Data section
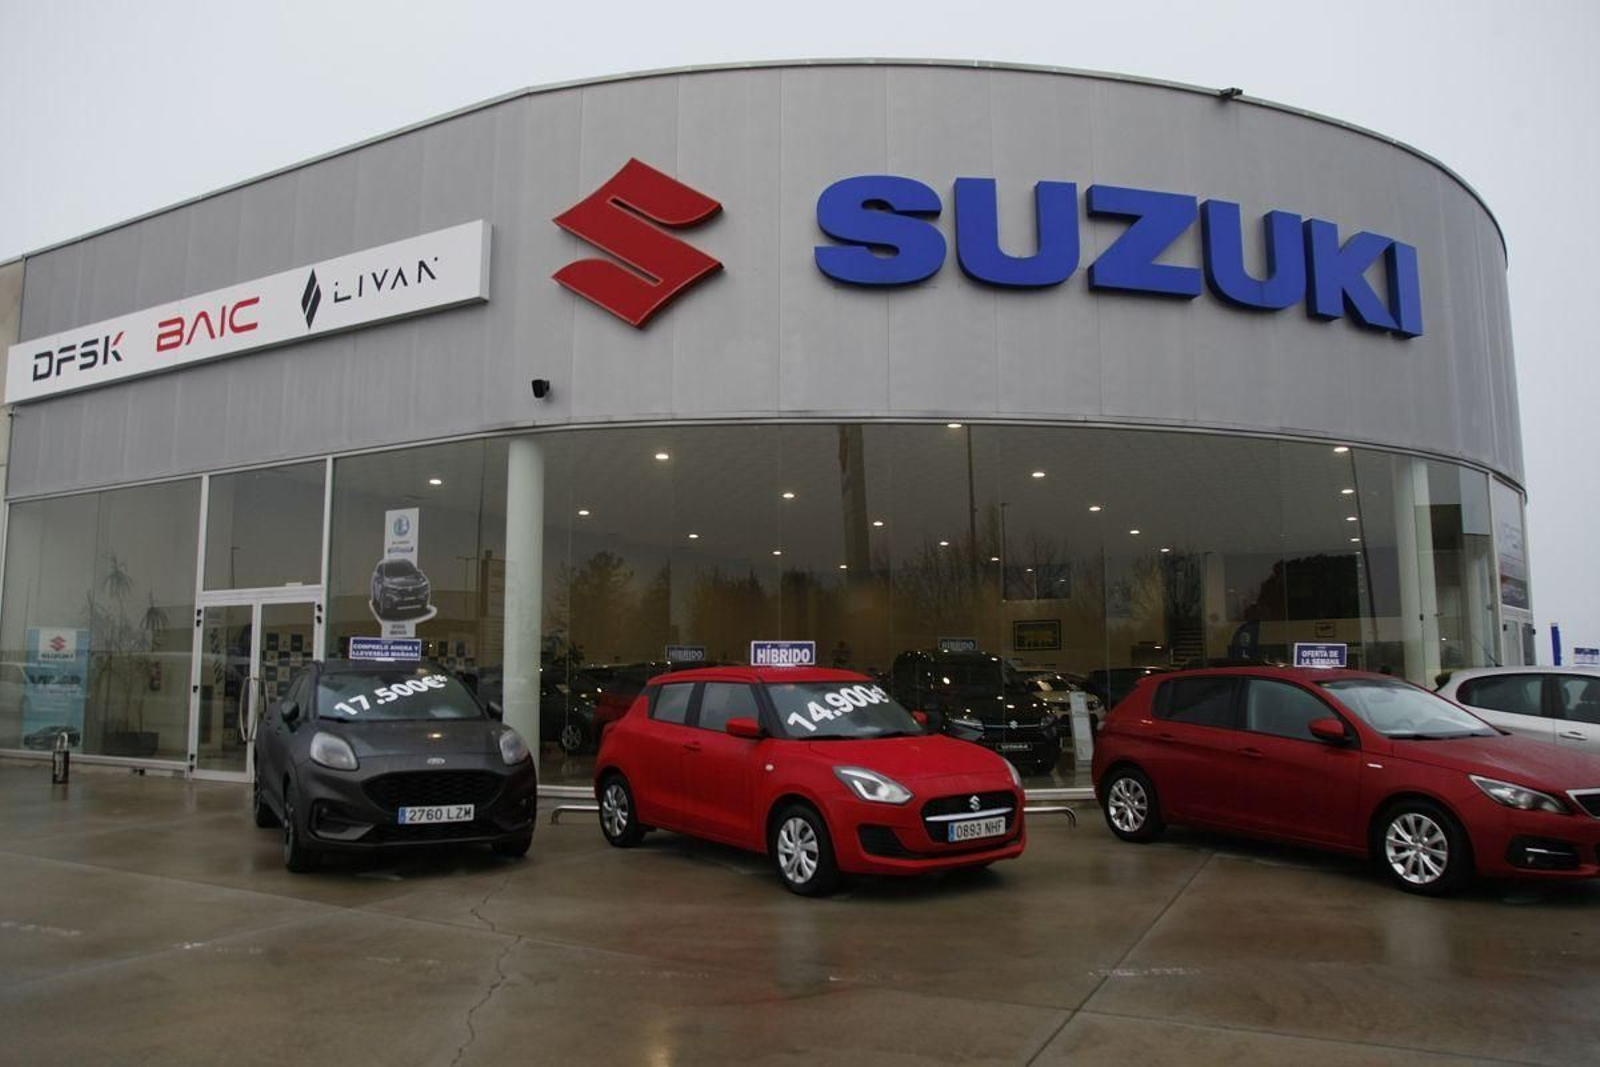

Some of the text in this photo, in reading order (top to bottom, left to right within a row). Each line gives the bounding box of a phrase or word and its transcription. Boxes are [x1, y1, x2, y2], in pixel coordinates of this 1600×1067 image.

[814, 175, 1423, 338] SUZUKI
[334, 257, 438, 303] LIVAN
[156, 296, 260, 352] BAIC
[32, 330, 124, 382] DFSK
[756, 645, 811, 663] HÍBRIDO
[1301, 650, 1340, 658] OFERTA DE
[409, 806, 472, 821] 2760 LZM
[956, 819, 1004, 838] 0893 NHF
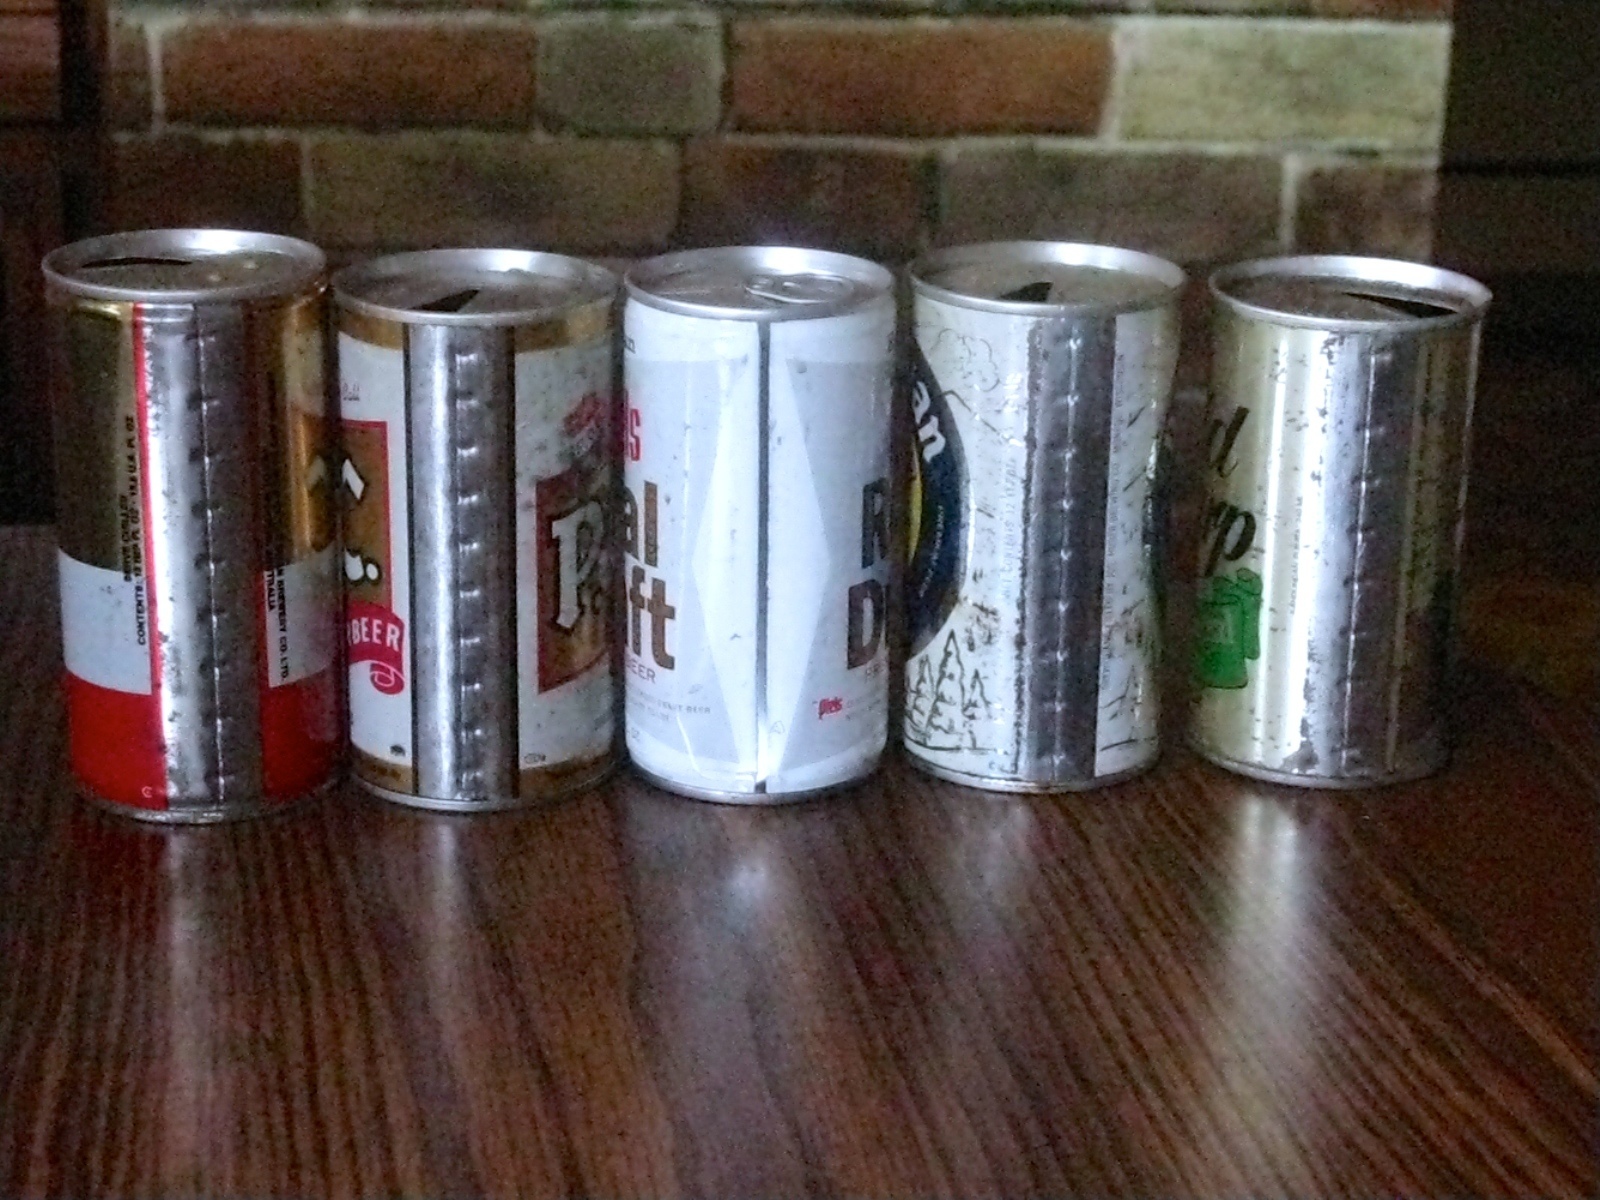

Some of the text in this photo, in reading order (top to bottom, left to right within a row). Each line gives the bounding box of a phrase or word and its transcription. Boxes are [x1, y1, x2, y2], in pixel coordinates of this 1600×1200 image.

What you will do
Reproduce the entire listing exactly, except for any pictures it contains.

Result below
Some of the text in this photo, in reading order (top to bottom, left to right within a row). Each line gives the bounding box of a phrase or word and its transcription. Boxes are [x1, y1, x2, y2], in pixel coordinates of this 1600×1067 image.

[814, 175, 1423, 338] SUZUKI
[334, 257, 438, 303] LIVAN
[156, 296, 260, 352] BAIC
[32, 330, 124, 382] DFSK
[756, 645, 811, 663] HÍBRIDO
[1301, 650, 1340, 658] OFERTA DE
[409, 806, 472, 821] 2760 LZM
[956, 819, 1004, 838] 0893 NHF

Some of the text in this photo, in reading order (top to bottom, left to right within a row). Each line gives the bounding box of a phrase or word and its transcription. Boxes are [x1, y1, x2, y2], in pixel coordinates of this 1600×1200 image.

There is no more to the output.